Bu sefer korkuyla bana baktı. "binaların yükselmesi kıyamet alametidir!" Tam cevap verecektim ki telefonuma gelen bildirim ile telefonumu açtım ve WhatsApp'a girdim. Ardından zaman kıran gurubuna girdim. Saye, Aker'in hastane odasındaki fotoğrafını atmıştı. Tugay aker'i öyle bir sanatsal dövmüştü ki çocuğun tüm kemikleri kırılmıştı. Böylece herkes tugay'a şaka yapılmaması gerektiğini anlamıştı. Telefonu kapatıp cebime attım ve ona baktığımda gözlerinin cebimde takılı kaldığını gördüm. Büyük ihtimal telefonu merak etmişti.
Gözlerimi devirerek "telefon,uzaktaki kişiyle konuşmanı sağlıyor" tugay kaşlarını çattı. Nedenini bilmediğim bir şekilde öfkelenmişti. "Ama bu zina değil midir?" Cevap vermedim. Tugay'ın her bir icatta mantık araması cidden çok can sıkıcıydı. Bir süre sustu ardından "bana da telefon alsanıza" dedi. Bir kaşımı yukarıya kaldırarak ona sorgular bir biçimde baktım. "neden?" Omuz silkti "karmen'i merak ettim bayadır yok" söylediği cümle ile kaşlarını çatan bu sefer bendim.
Birincisi,madem bu durum senin gözünde zina o zaman neden Karmen ile konuşmak istiyorsun.
İkincisi, harbiden Karmen uzun zamandır yoktu neredeydi bu kız?
Karmen sevgilisini gördükten sonra kaçmıştı. Biz de onu yalnız bırakmak istemiştik. Ama uzun zamandır yoktu. Telefonu alıp karmen'i aradığımda açmadı. Büyük ihtimal telefonu kapalıydı. Hurdalığın önüne geldiğimizde adımlarım durdu. Tugay kaşlarını çatarak bana baktı. "Burada ne işimiz var?" Derin bir nefes aldım. Şimdi işin gücün yoksa bunu açıkla.
Bu adam neden bu kadar çok soru soruyordu?

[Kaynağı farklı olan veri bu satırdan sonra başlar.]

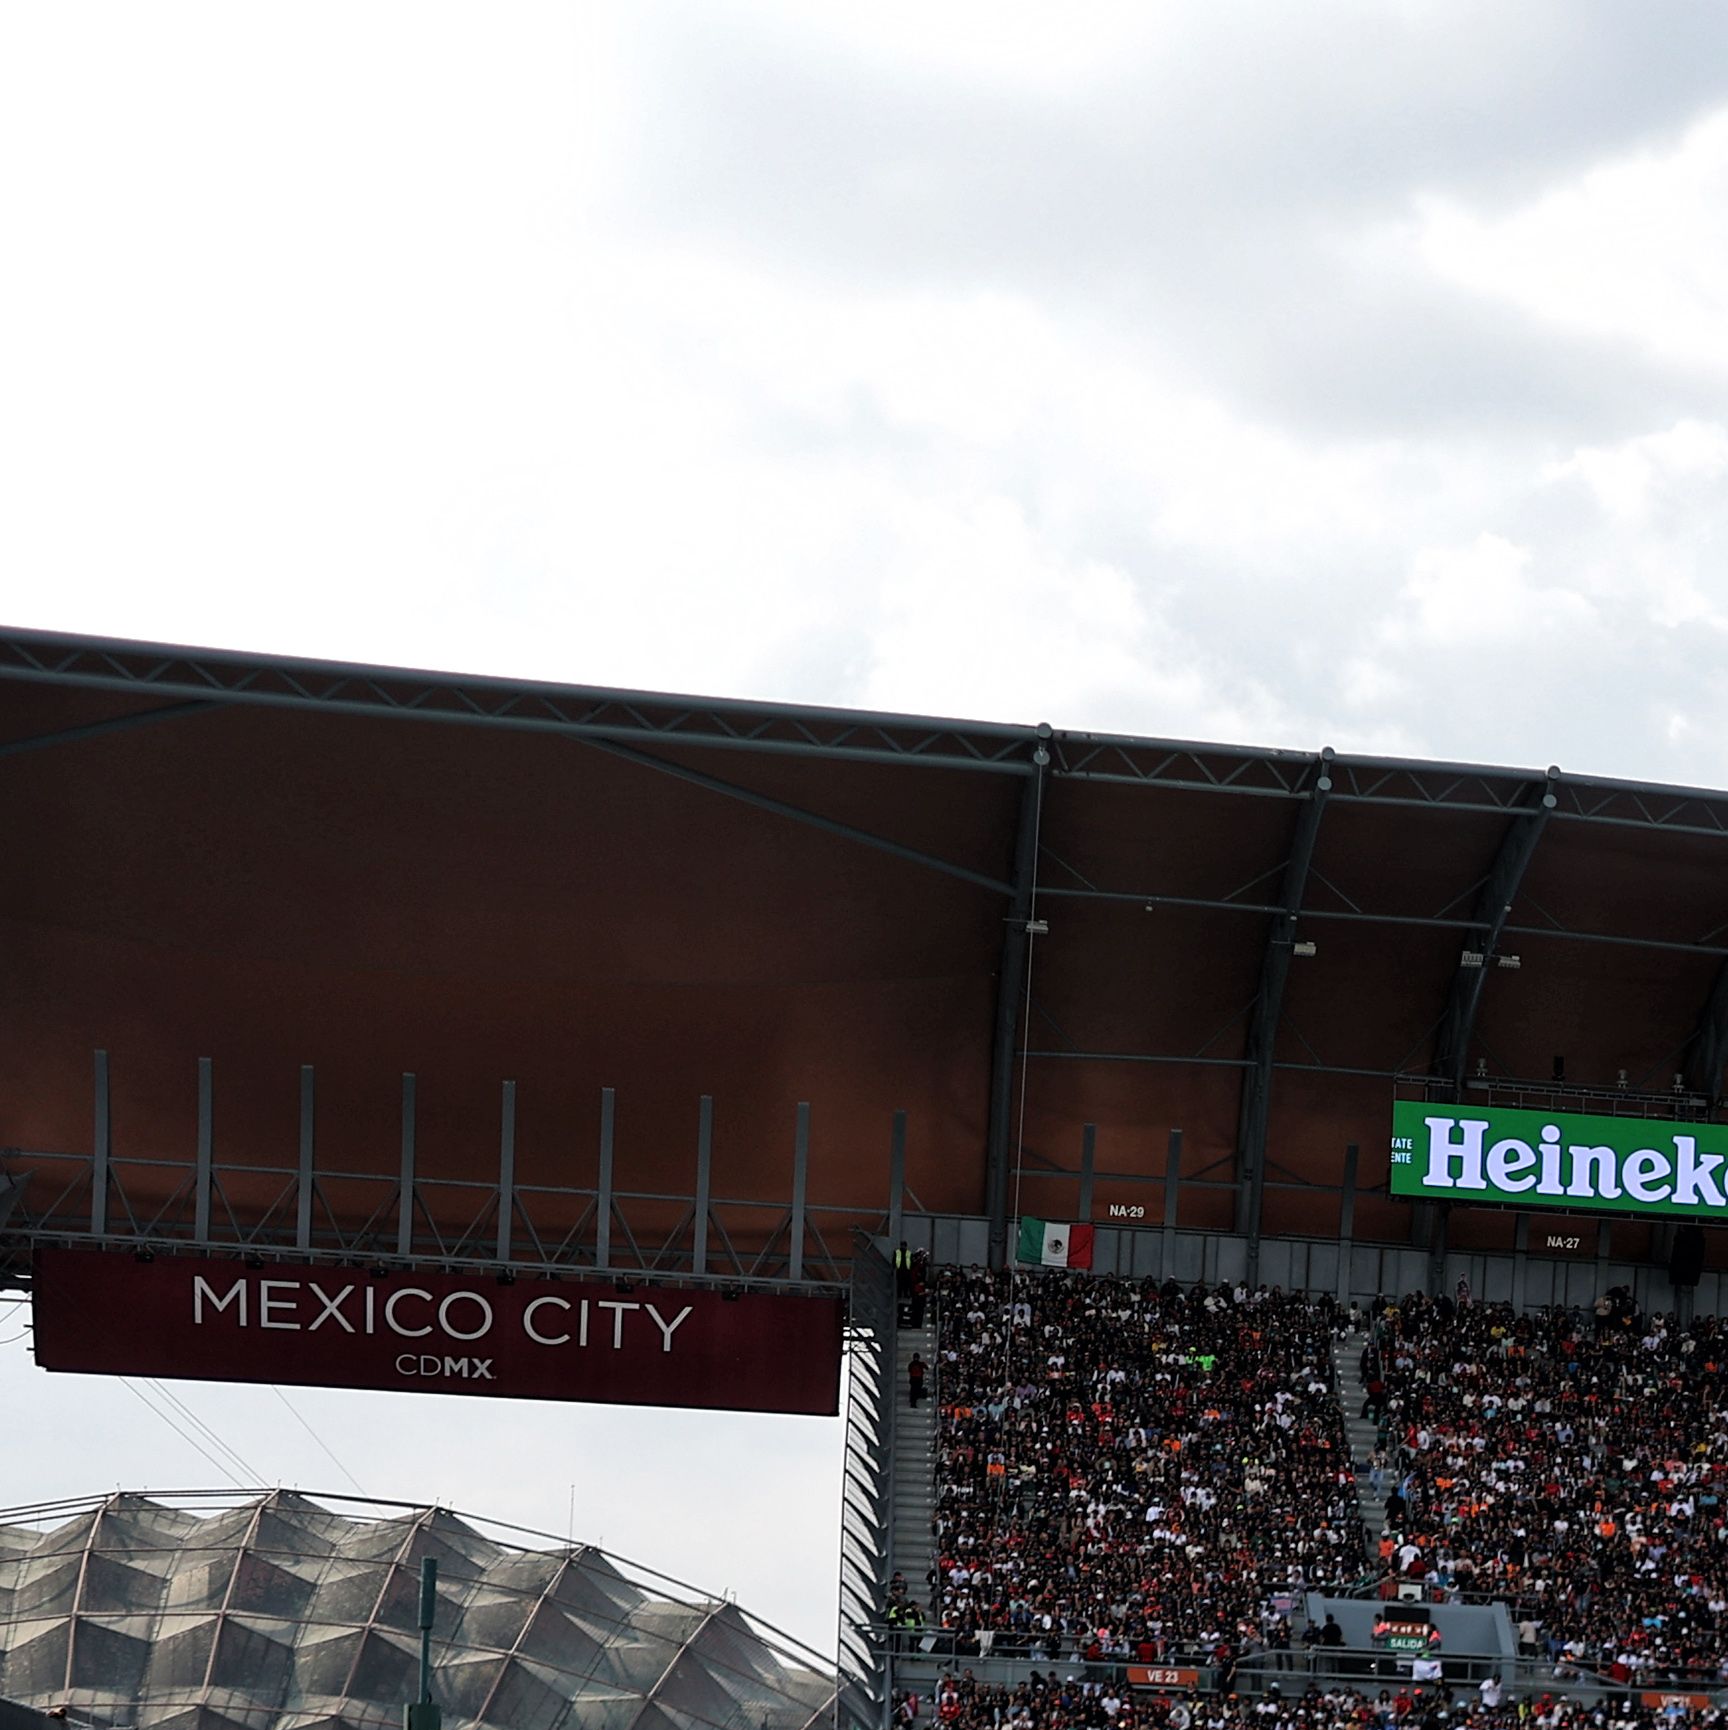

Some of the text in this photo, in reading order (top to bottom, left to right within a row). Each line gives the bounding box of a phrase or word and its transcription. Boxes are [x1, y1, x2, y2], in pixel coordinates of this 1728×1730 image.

"Türkiye Cumhuriyeti'nde her vatandaşın bir kimliği vardır. Senin de bir kimliğin olmalı" anladığını belirtir bir şekilde başını salladı. Uzun süre ses çıkarmadan hurdalıkta ilerledik en sonunda hurdalıktaki küçük evin önüne geldik. Evin önünde eli sopalı bir sürü adam vardı. Birkaç adım atarak bize yaklaştılar. Aralarından biri sert bir sesle "Siz bebelerin burada ne işi var?" Özgüvenli bir şekilde onlara baktım ve rahat bir şekilde elimi cebime attım ve ona baktım.
Bu tür insanlara ne kadar güçlü gösterirsen o kadar yaşama şansın fazlaydı.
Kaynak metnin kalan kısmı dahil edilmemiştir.